A relationship manager preparing for a client meeting. A care coordinator reviewing patient records before an outreach call. A sales executive researching an enterprise account. A consultant getting ready for a strategy workshop. A product manager synthesizing customer feedback before a roadmap review.

All of these professionals are highly skilled. All of them are well-compensated. All of them have access to sophisticated technology. And all of them spend the majority of their preparation time on a task that creates zero value: finding and organizing information.

This is the case prep problem. And it is costing organizations far more than they realize.

The Hidden Tax on Expertise

I first saw the full scope of this problem at a major private sector bank in Asia. Relationship managers were the face of the bank to high-value corporate clients. These were experienced professionals with deep industry knowledge, strong client relationships, and sound business judgment.

But when I observed how they prepared for client meetings, I discovered something troubling. Out of a 60-minute preparation window, they spent 45 minutes hunting for information. Six different systems. Seven different report formats. Countless PDFs buried in shared drives nobody had organized in years.

They needed to understand past interactions. What was discussed in the last meeting? What commitments were made? What follow-ups were pending? That information lived in meeting notes scattered across three different people who had interacted with the client over the past year.

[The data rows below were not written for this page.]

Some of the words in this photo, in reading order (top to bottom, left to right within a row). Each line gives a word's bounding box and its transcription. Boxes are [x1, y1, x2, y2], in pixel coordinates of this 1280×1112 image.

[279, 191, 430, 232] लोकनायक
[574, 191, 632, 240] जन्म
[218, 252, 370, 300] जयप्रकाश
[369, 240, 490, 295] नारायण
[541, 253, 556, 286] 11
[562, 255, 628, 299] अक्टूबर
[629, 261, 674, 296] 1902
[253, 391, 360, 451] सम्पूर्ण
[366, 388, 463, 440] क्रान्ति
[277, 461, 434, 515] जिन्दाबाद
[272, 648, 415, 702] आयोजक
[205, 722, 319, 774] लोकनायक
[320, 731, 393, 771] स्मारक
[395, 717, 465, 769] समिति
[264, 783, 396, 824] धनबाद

They needed to know the current relationship status. What products did the client have? What was the utilization? Were there service issues? That required pulling reports from the CRM, the product systems, and the service ticketing platform.

They needed context on the client business. Had there been any major news? Regulatory changes affecting their sector? Competitive moves they should be aware of? That meant searching news databases, regulatory update emails, and industry reports.

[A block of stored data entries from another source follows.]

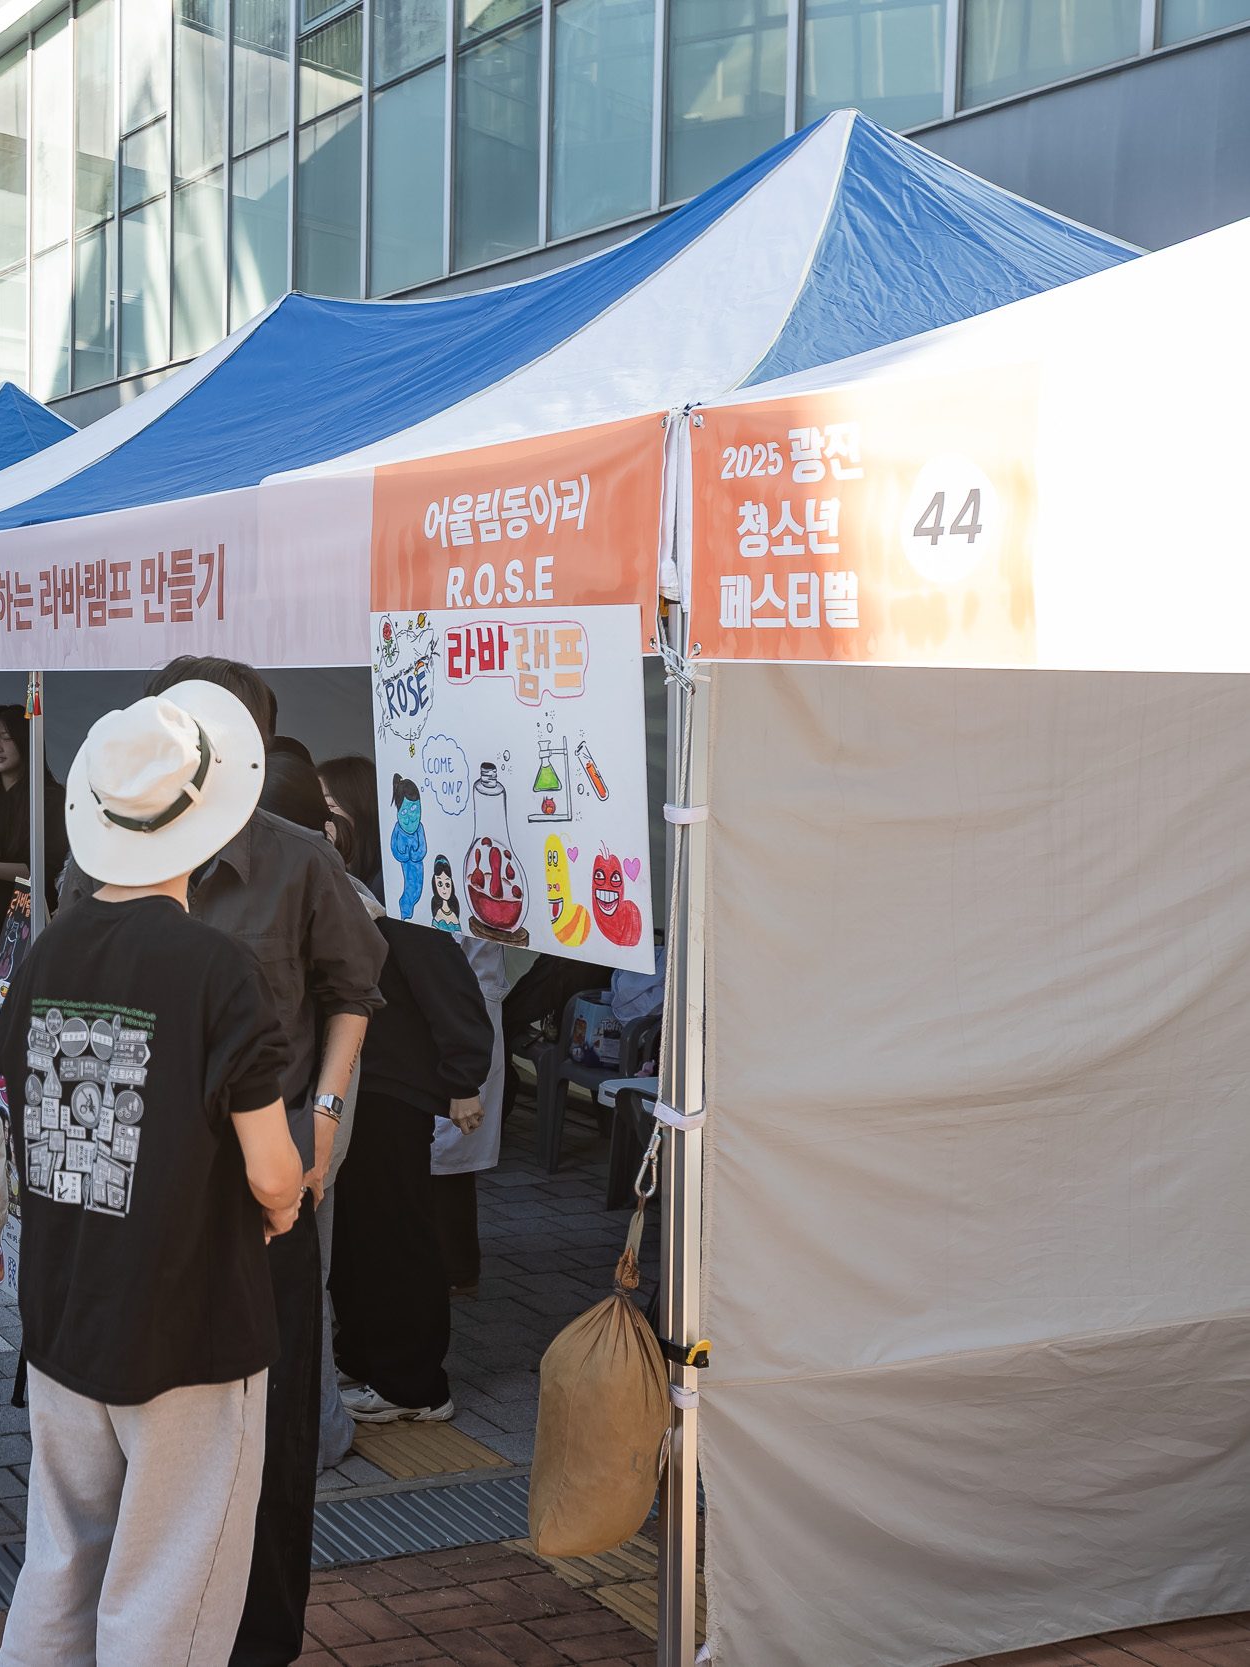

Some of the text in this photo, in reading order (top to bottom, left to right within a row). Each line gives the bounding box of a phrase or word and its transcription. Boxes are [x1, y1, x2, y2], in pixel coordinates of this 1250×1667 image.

[721, 422, 865, 484] 2025 광진
[423, 473, 591, 549] 어울림동아리
[736, 497, 840, 559] 청소년
[912, 488, 984, 546] 44
[38, 560, 134, 630] 라바램프
[140, 542, 226, 625] 만들기
[445, 555, 555, 609] R.O.S.E
[719, 570, 860, 630] 페스티벌
[446, 624, 585, 702] 라바램프
[385, 670, 429, 720] ROSE
[426, 755, 454, 776] COME
[441, 780, 464, 802] ON!

They needed to understand what might be relevant to recommend. Which products fit the client profile? What were other similar clients using? What recent innovations might address pain points this client had mentioned months ago? That meant looking through product catalogs, case studies, and innovation briefs.

By the time they assembled all this information, they had 15 minutes left to think about conversation strategy. What story to tell. How to position recommendations. What questions to ask. How to handle potential objections.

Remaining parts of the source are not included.